Moderna is attempting to make this process cheaper and more efficient by using mRNA technology. Instead of producing eOD-GT8 6omers in the vaccine (a slow and laborious process), Moderna is instead using mRNA to write the instructions for our own bodies to produce this protein. This will therefore activate the immune response from germline B cells and give us immunity to H.I.V.

The trial is still in the early days, with 56 people in the USA being trialled at the end of September 2021. This is to be followed up by wider testing in Rwanda and South Africa, permitting these trials are successful.

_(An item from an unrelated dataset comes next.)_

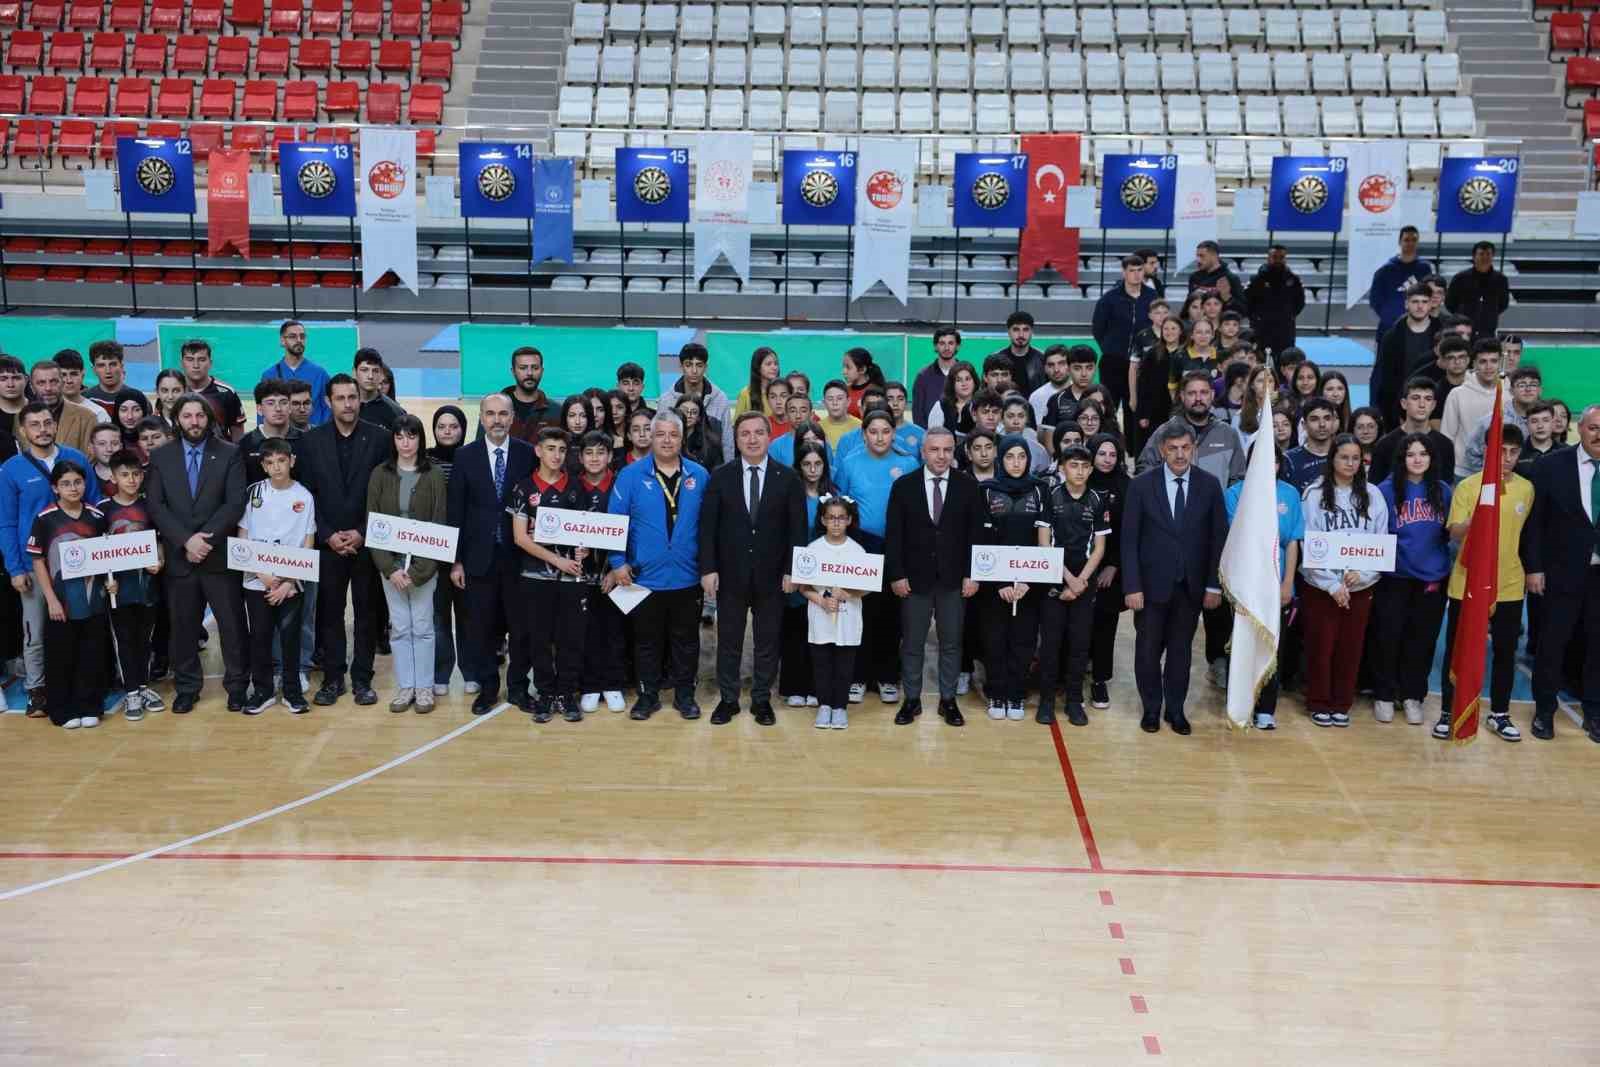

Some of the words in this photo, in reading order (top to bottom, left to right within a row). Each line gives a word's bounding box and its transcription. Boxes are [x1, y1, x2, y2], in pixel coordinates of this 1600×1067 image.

Trials will not produce any results until 2023 and, in the time, we still have a lot of work to do to properly educate the population on the science and history of H.I.V. Recently, Channel 4’s “It’s a Sin” won best new drama, as well as having Oli Alexander (the show’s lead) nominated for best dramatic performance in the National Television Awards. For the British LGBTQIA+ community, this was a long-awaited, public exposure of the truth of the virus and how it was covered up globally with little support during the early days of its outbreak. Similarly, Netflix’s “Pose” has racked up 9 Emmy nominations since its debut in 2018, which follows the lives of the African American and Hispanic LGBTQIA+ in Harlem’s ballroom drag scene – many of which are sufferers of H.I.V and AIDS. This shows a move in the right direction for western nations in the education of young people about the large-scale cover-up and trauma that people of minority status and members of the LGBTQIA+ community suffered at the hands of this virus. Although this is a step in the right direction, the H.I.V stigma is still perpetuated by many.

Back in July, American rapper DaBaby made comments with harsh anti-LGBTQIA+ rhetoric at the Rolling Loud Music Festival in Miami. During his performance, he asked every audience member to "put your cell phone light up", apart from those who were HIV-positive or were gay men who had sex in car parks.

Although an apology has since been made, it isn’t one that many perceive as genuine. The apology happened to coincide with Boohoo dropping DaBaby as a brand representative, emphasising that, no matter how many steps forward western society takes to combat the stigma around H.I.V and AIDS, public figures can instantly remind us that it still exists. Globally, poor sexual education and comments from public figures have additionally led to the increased stigmatisation of H.I.V.

Many countries have begun the criminalisation of sex education under their respective Child and Family Protection Acts. Across many eastern European nations such as Poland, Russia and Hungary, sex education is illegal, and teachers caught educating students on sex education can face up to 3 years imprisonment. The Kremlin has also rejected a WHO report that highlights the dangerously high prevalence of HIV in Russia, with 72.2 new cases per 100,000 per year.

This denotes an alarming movement to cover up the truth about H.I.V and AIDS, which can only lead to a sustained prevalence of the H.I.V stigma. The stigma surrounding the virus is what led to such late development of vaccinations against H.I.V/AIDS, with the Reagan administration refusing to publicly recognise the epidemic until 3,500 Americans had died with the virus.

For now, many LGBTQIA+ members and people of minority status wait in anticipation for what’s to come of these trials in 2023. In the meantime, we need to begin to question how we can cognitively integrate H.I.V education into school curriculums globally, or else face the consequences of increased H.I.V stigmatisation The vaccine is by no means a cure for those who currently live with H.I.V, but it’s a step that needs to be made to build a future that is free from the virus.